Re: Vacuum time degrading

From
Tom Lane
Date:
Wes <wespvp@syntegra.com> writes:
> Watching the system as vacuum is running, I can see that we are encountering
> the kswapd/kscand problem in the 2.4.20 kernel.  This could very well
> account for the non-linear increase in vacuum time.

Hmm.  Looking at the vacuum verbose output you sent me, it's clear that
the bulk of the time is going into scanning a couple of the larger
indexes.  On an index that's been growing for awhile, this involves a
highly nonsequential access pattern (it wants to visit the index leaf
pages in sort order, which will not look much like physical order after
a lot of page splits have occurred).  I don't know whether that would
tend to set off the kswapd/kscand problems, but just in terms of
physical I/O time it might be annoying.  I was going to suggest
REINDEXing those indexes to see if that cuts the vacuum time at all.
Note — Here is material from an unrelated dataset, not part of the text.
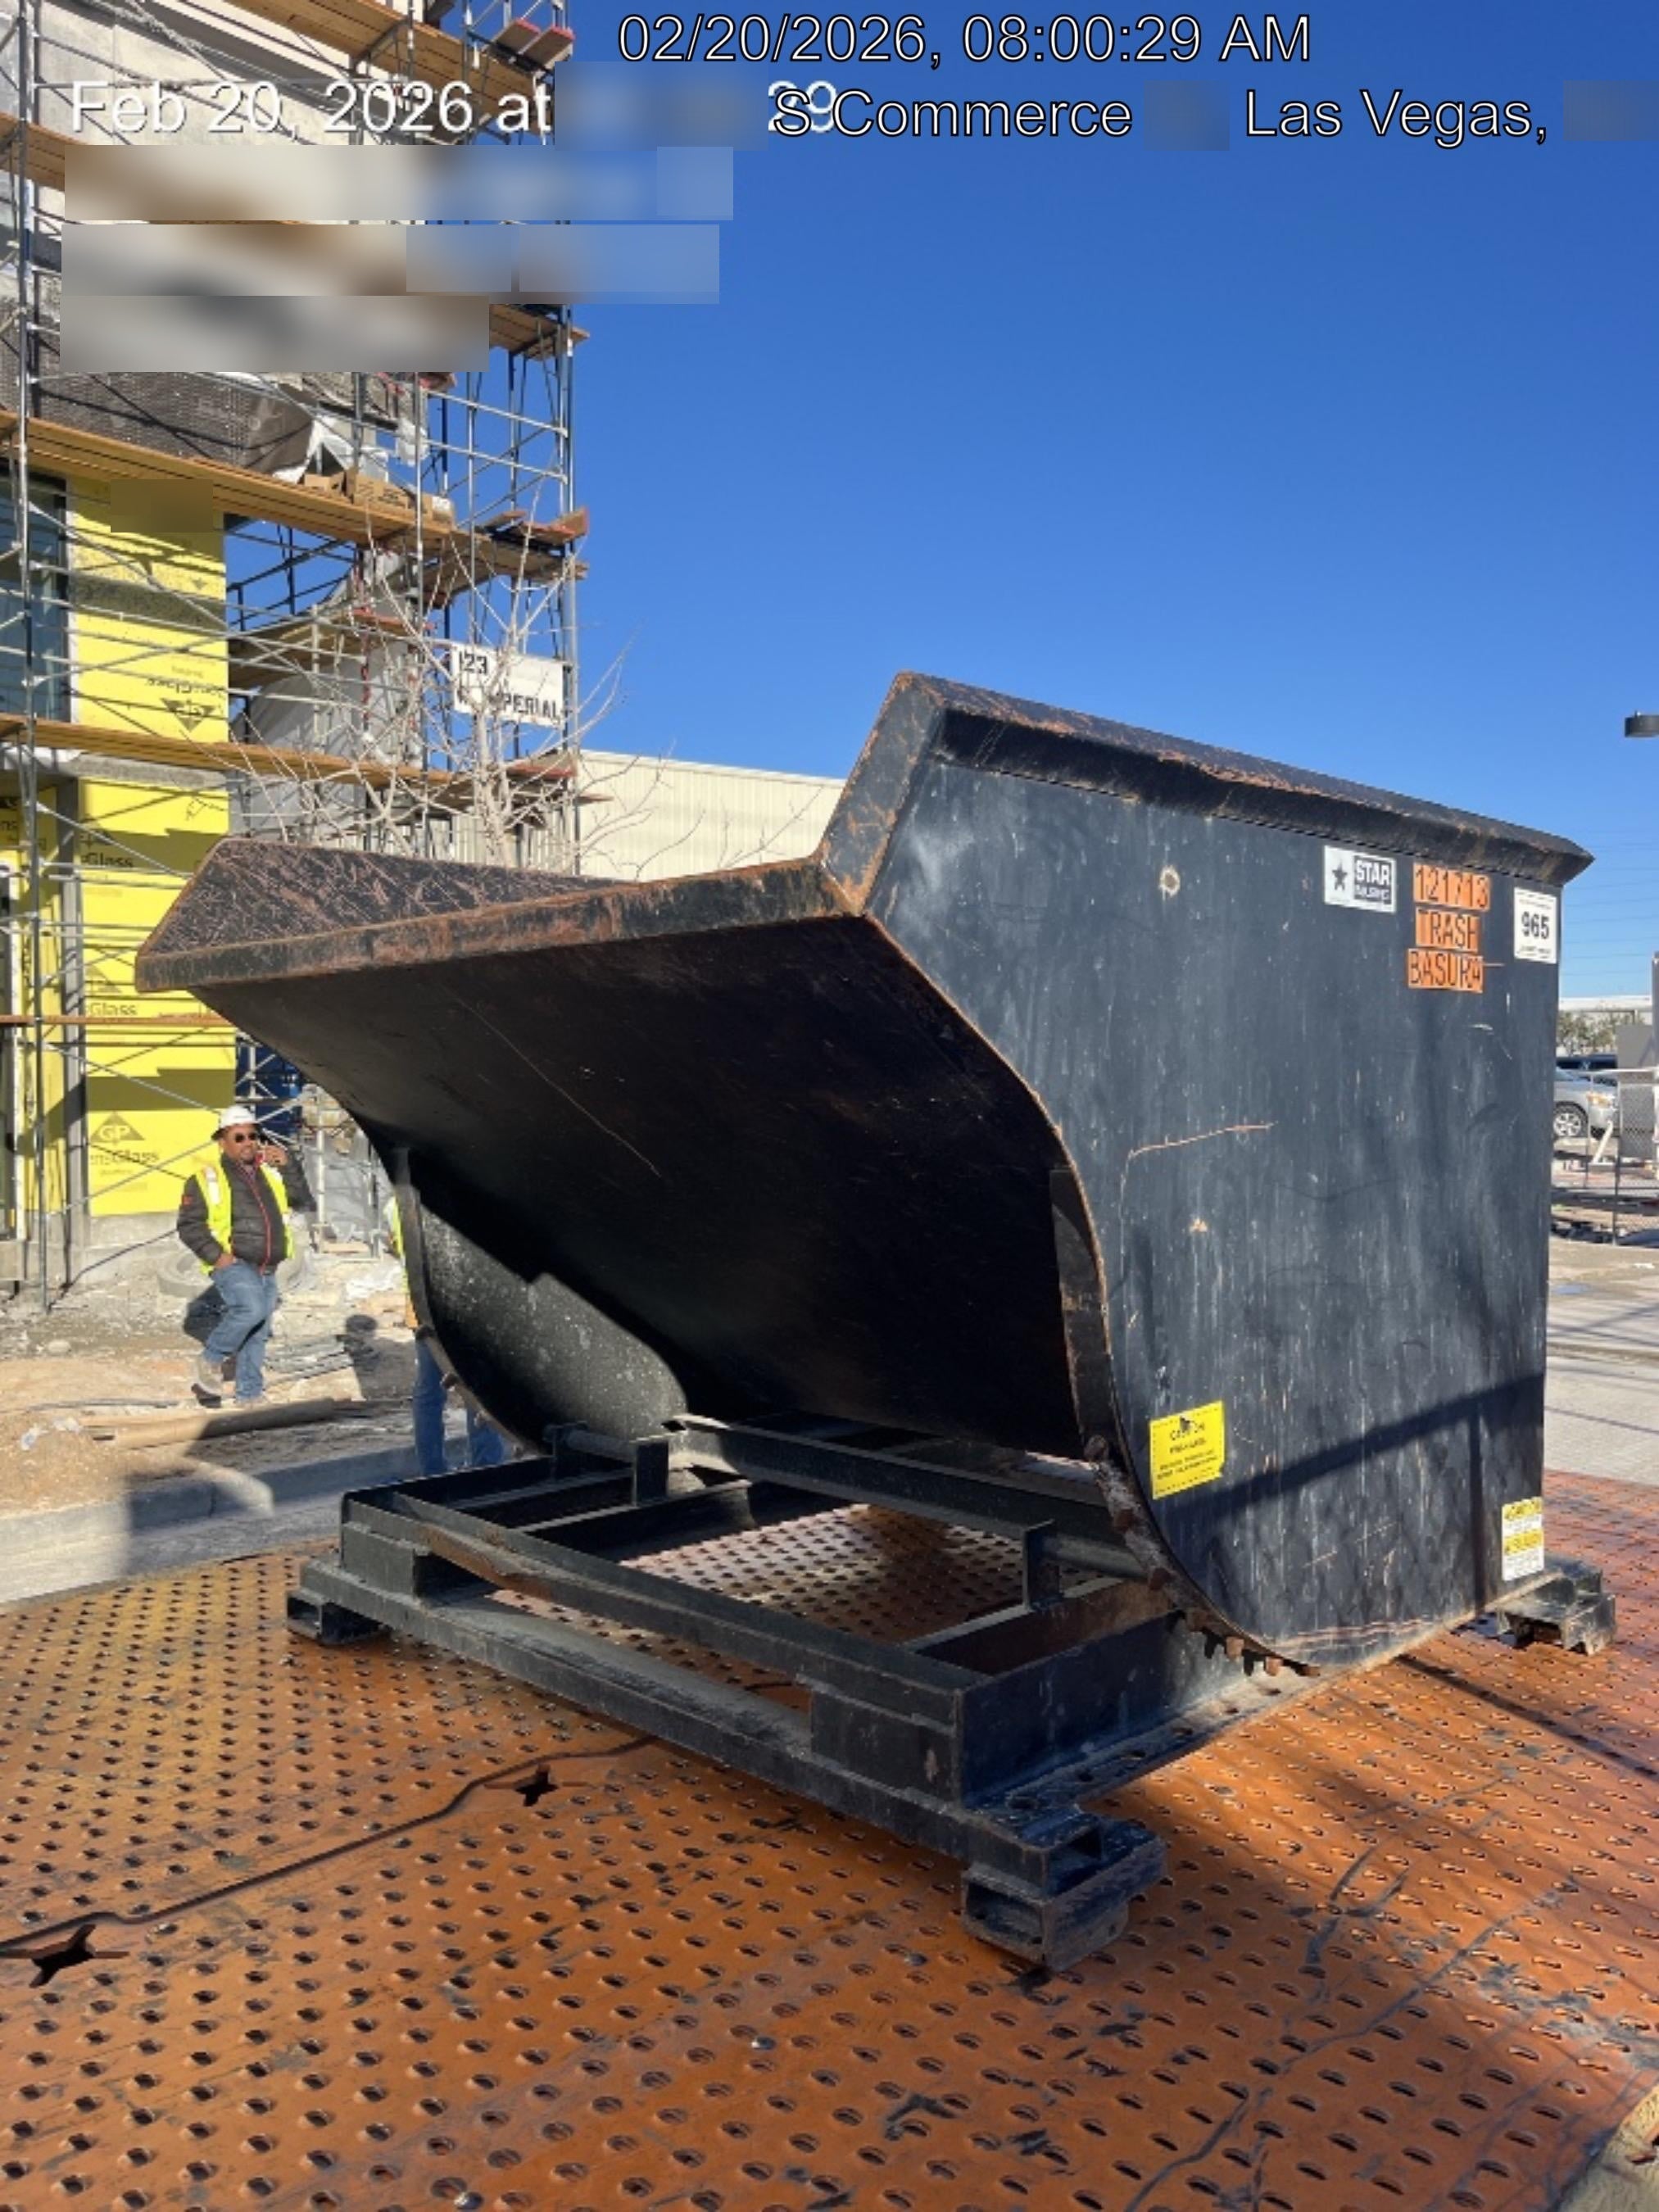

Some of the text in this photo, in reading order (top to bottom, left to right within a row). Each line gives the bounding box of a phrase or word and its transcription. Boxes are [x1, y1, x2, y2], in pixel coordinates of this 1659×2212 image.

[1356, 859, 1390, 886] STAR
[1417, 909, 1480, 949] TRASH
[1521, 911, 1550, 940] 965
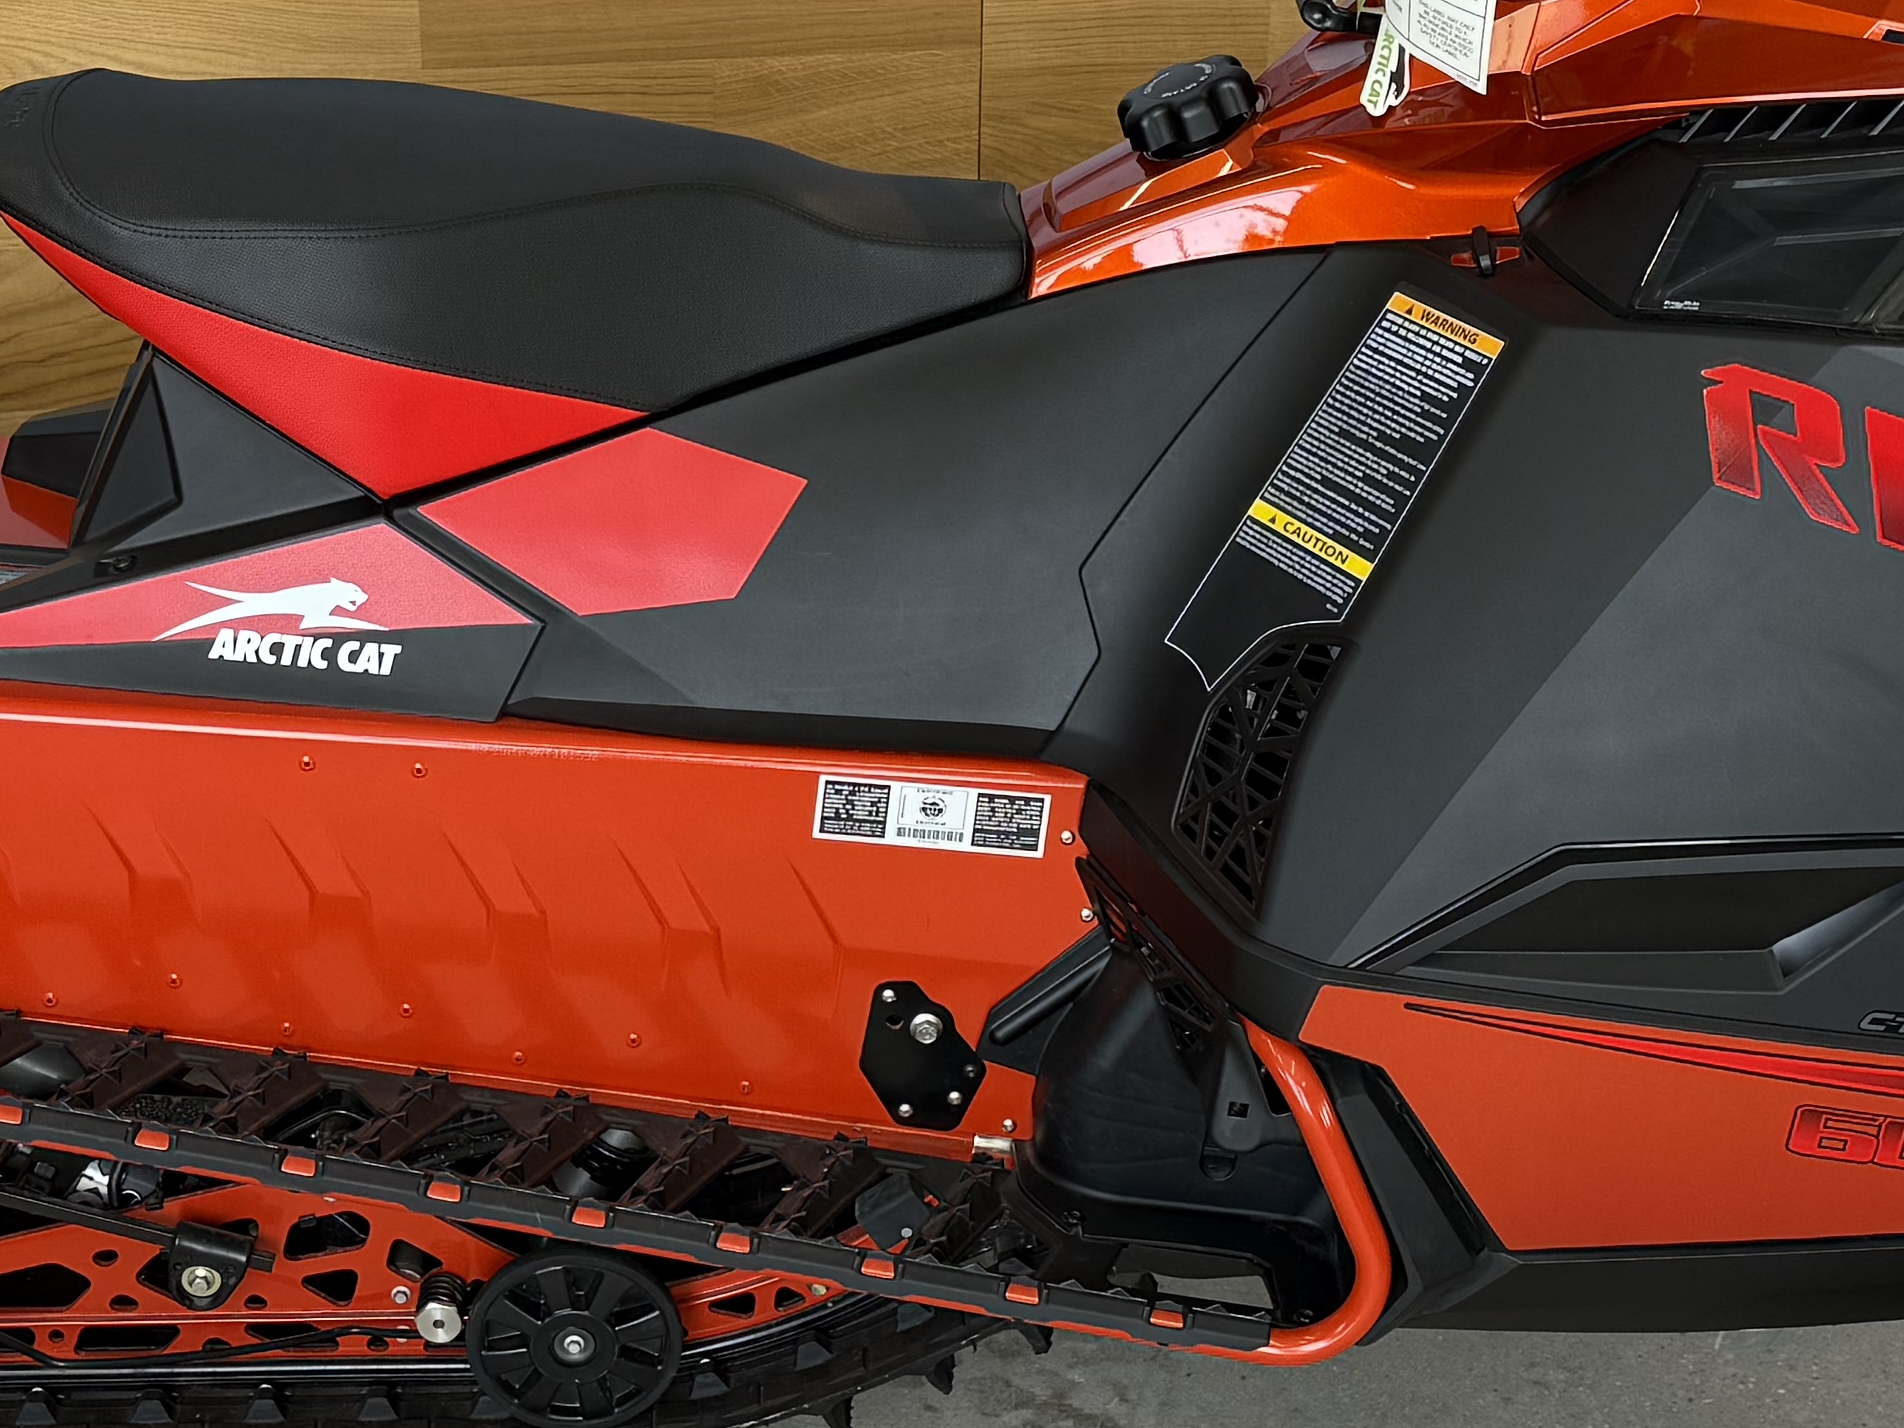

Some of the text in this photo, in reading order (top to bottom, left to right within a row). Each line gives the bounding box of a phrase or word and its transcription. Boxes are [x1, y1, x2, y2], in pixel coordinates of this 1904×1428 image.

            regards, tom lane

Re: Vacuum time degrading

From
Tom Lane
Date:
Wes Palmer <Wesley.R.Palmer@syntegra.com> writes:
> Any chance of change that
> behavior to scan in physical storage order?

It wouldn't be easy --- there are some locking considerations that say
btbulkdelete needs to scan the index in the same order that an ordinary
scan would do.  See the nbtree README for details.

            regards, tom lane

Re: Vacuum time degrading

From
Wes Palmer
Date:
On 3/2/05 3:51 PM, "Tom Lane" <tgl@sss.pgh.pa.us> wrote:

> I was going to suggest
> REINDEXing those indexes to see if that cuts the vacuum time at all.

The problem with that is it takes a very long time.  I've got a couple of
things to try yet on the kswapd problem.  If that doesn't work, maybe I can
rebuild one of the indexes and see how much that one improves.  I wasn't
aware that the indexes were scanned non-sequentially.  The under one hour
time was probably shortly after a full reload.  Any chance of change that
behavior to scan in physical storage order?

The index from the largest table that has:

  CPU 216.15s/18.13u sec elapsed 2110.84 sec.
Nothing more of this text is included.